Building an impact literate research culture: Some thoughts for the KT Australia Research Summit

This week’s guest post is from Julie Bayley, Coventry University. It was originally published on her blog on November 12, 2016 and is reposted here with permission.
Julie BayleyI was delighted to be asked to speak at the KT Australia Research Impact Summit (November 2016). In my talk, I discussed many of the challenges of introducing an impact agenda into the academic community, and how impact literacy can help. An extended version of my slides are here, but let me talk through the key points below.
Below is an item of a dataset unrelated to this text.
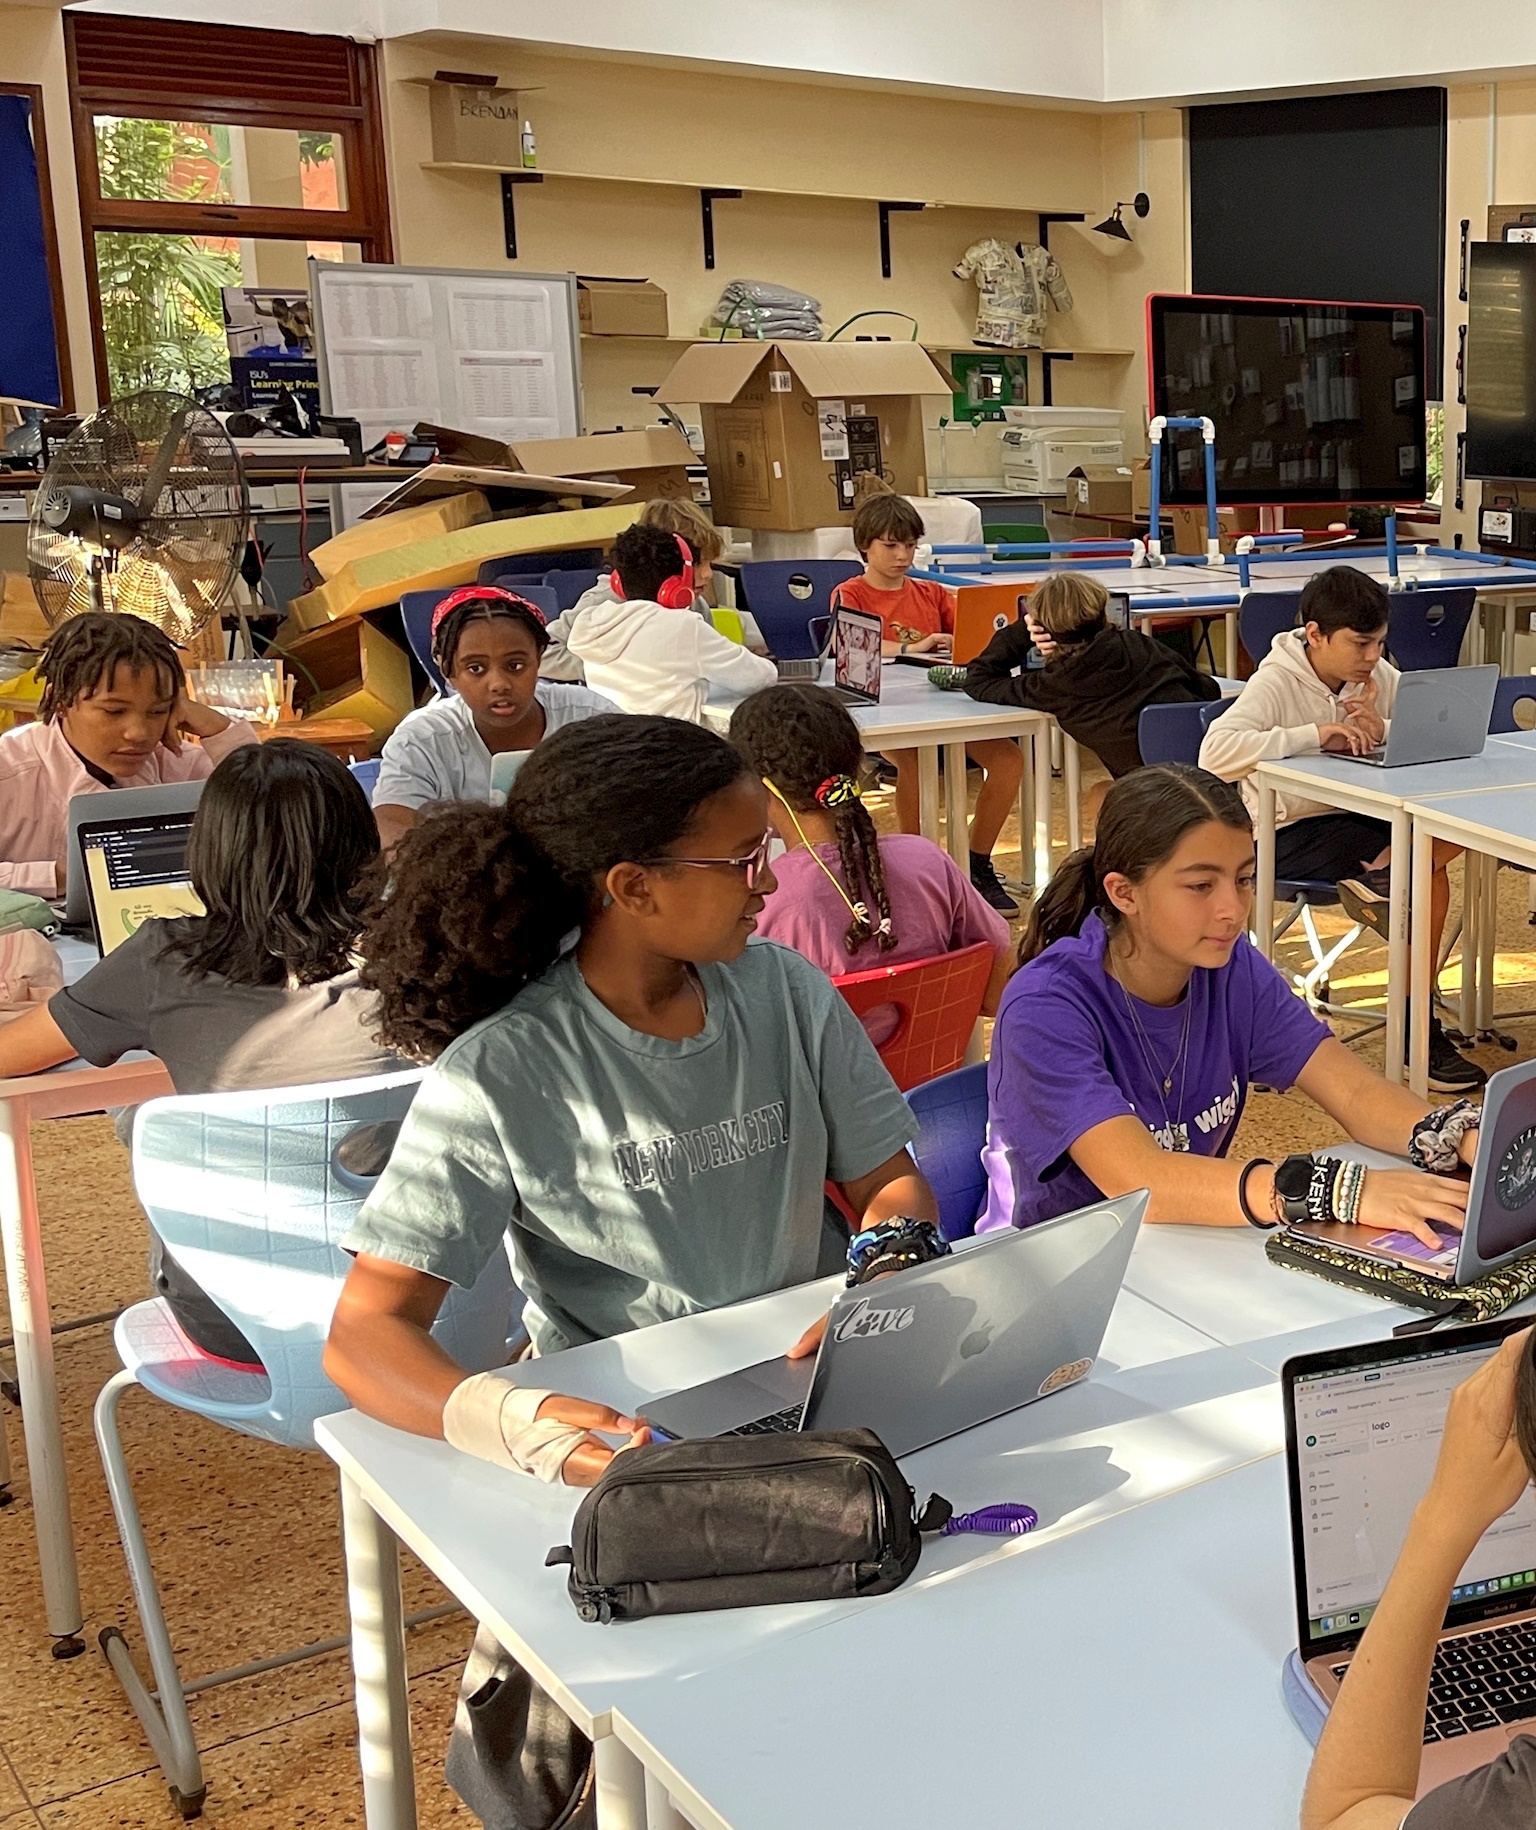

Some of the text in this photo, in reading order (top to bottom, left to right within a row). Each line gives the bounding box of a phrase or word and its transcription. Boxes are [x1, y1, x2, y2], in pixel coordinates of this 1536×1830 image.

Consider impact. A small word. A simple, standard part of our vocabulary meaning influence or effect. But go from (small i) impact to (big I) Impact, and you’ve suddenly entered the domain of formal assessment and causal expectations. Arguably the UK have been the first to really take the Impact bull formally by the horns through the Research Assessment Framework 2014, but of course efforts to drive research into usable practice are far from unique to this little island. Whilst every country is rich with learning about how knowledge best mobilises within its own context, the UK probably offers a unique insight into the realities of impact assessment at scale and the multiple, non-prescribable pathways connecting research to effect.
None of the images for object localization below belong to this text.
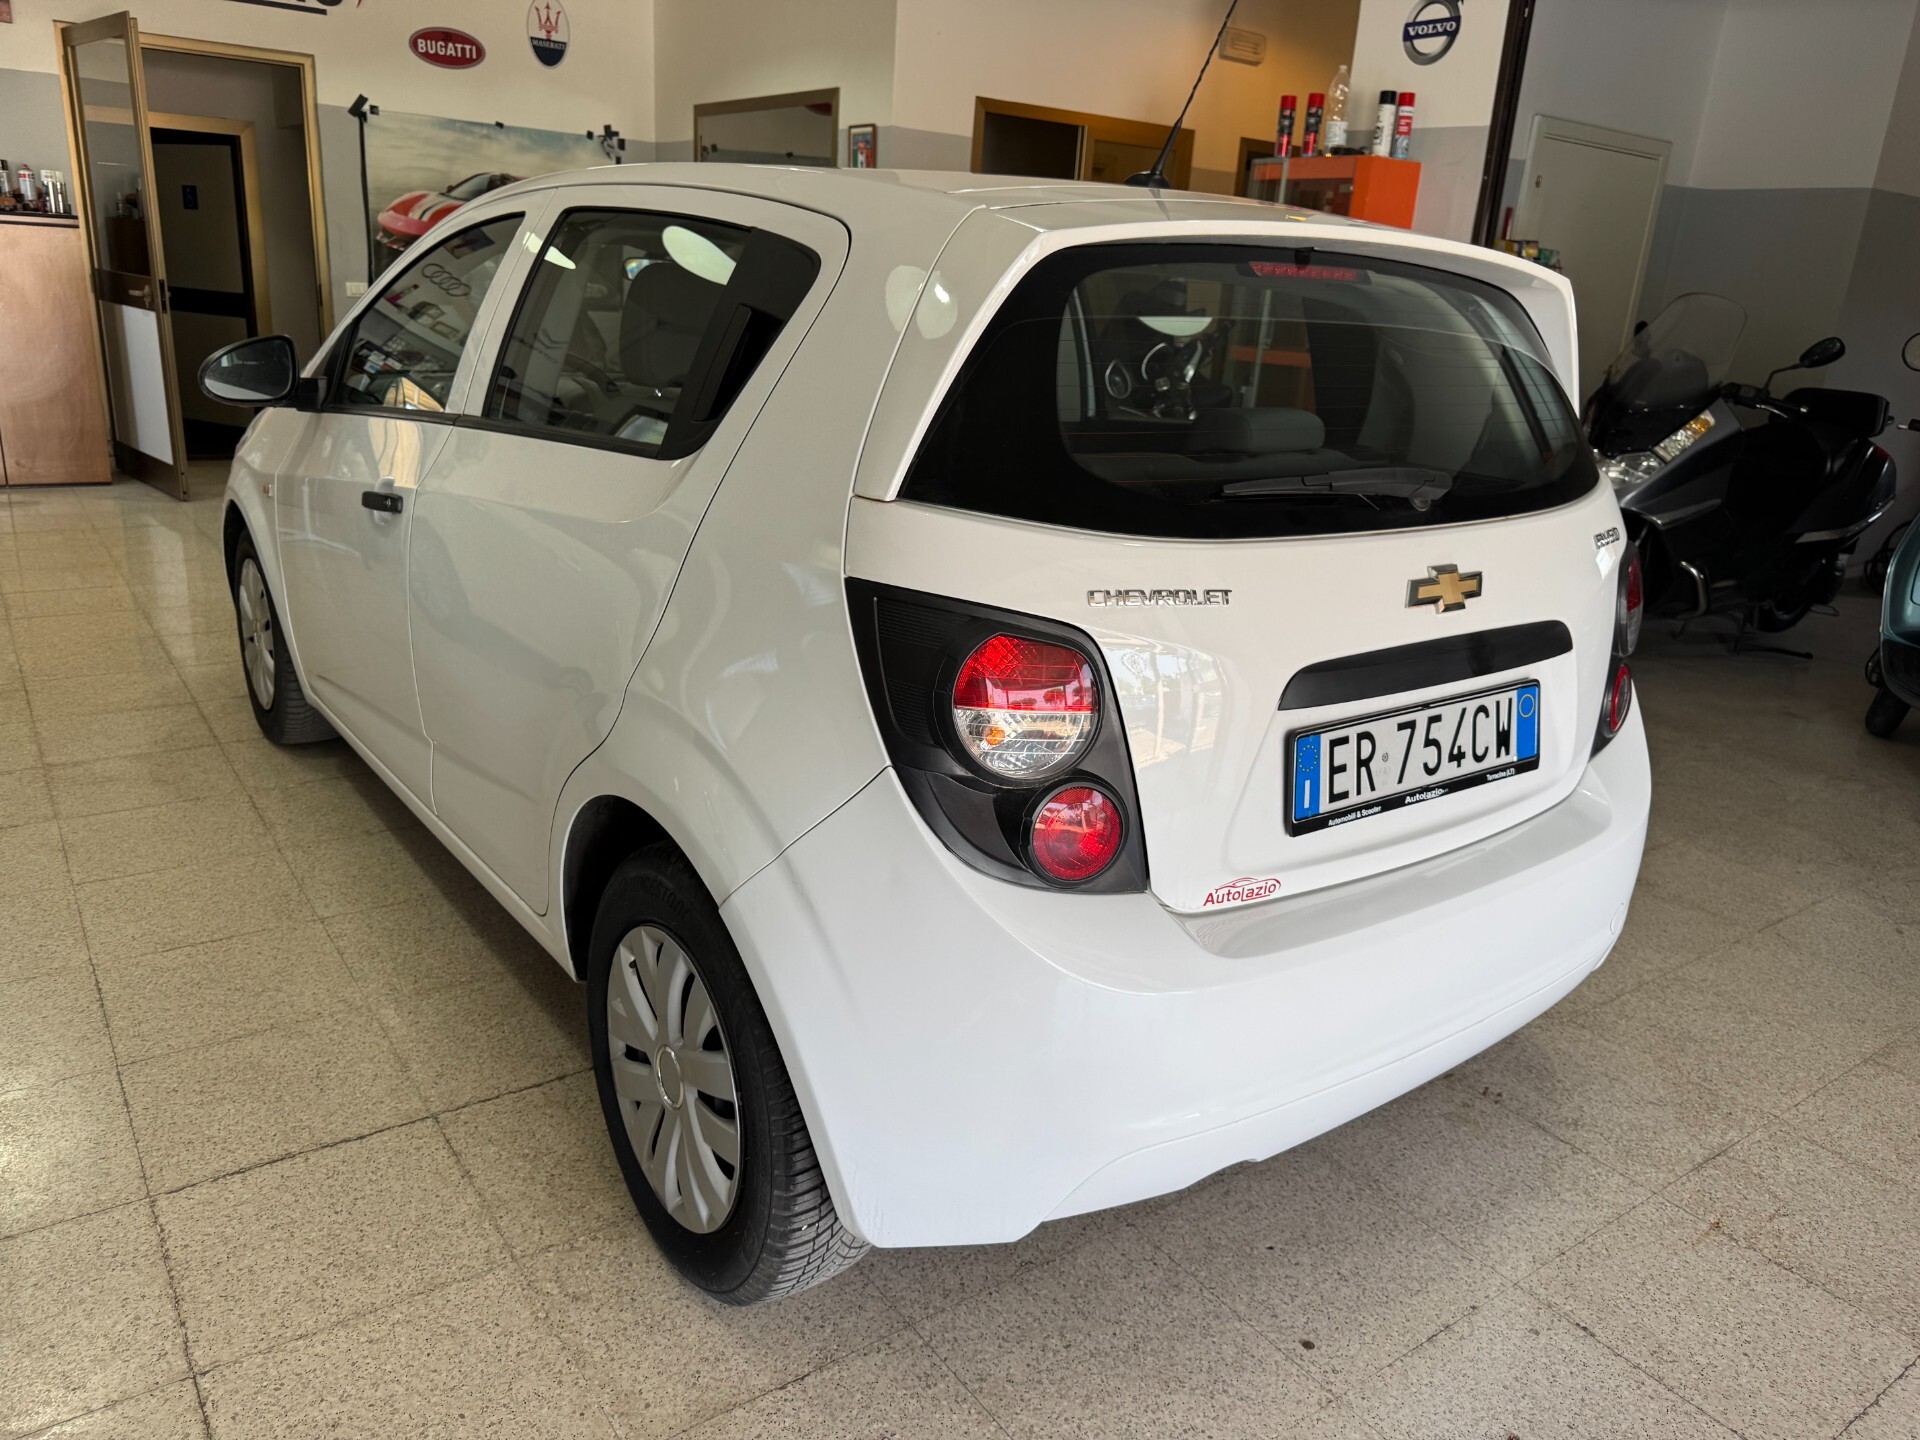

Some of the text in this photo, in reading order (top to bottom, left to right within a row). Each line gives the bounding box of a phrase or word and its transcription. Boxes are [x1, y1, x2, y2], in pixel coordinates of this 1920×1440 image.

[1407, 21, 1456, 37] VOLVO
[417, 39, 477, 59] BUGATTI
[1087, 589, 1232, 607] CHEVROLET
[1328, 697, 1513, 804] ER 754CW
[1328, 806, 1382, 826] Automobili & Scooter
First principles: impact is the provable effects of research in the real world (see slides 2 and 3). It’s the changes we can see (demonstrate, measure, capture), beyond academia (in society, economy, environment) which happen because of our studies (caused by, contributed to, attributable to). Dissemination, communication, engagement, knowledge transfer, knowledge exchange and knowledge mobilisation are all vital in getting research into practice, but in its truest form, ‘impact’ is the protected description of the resulting change.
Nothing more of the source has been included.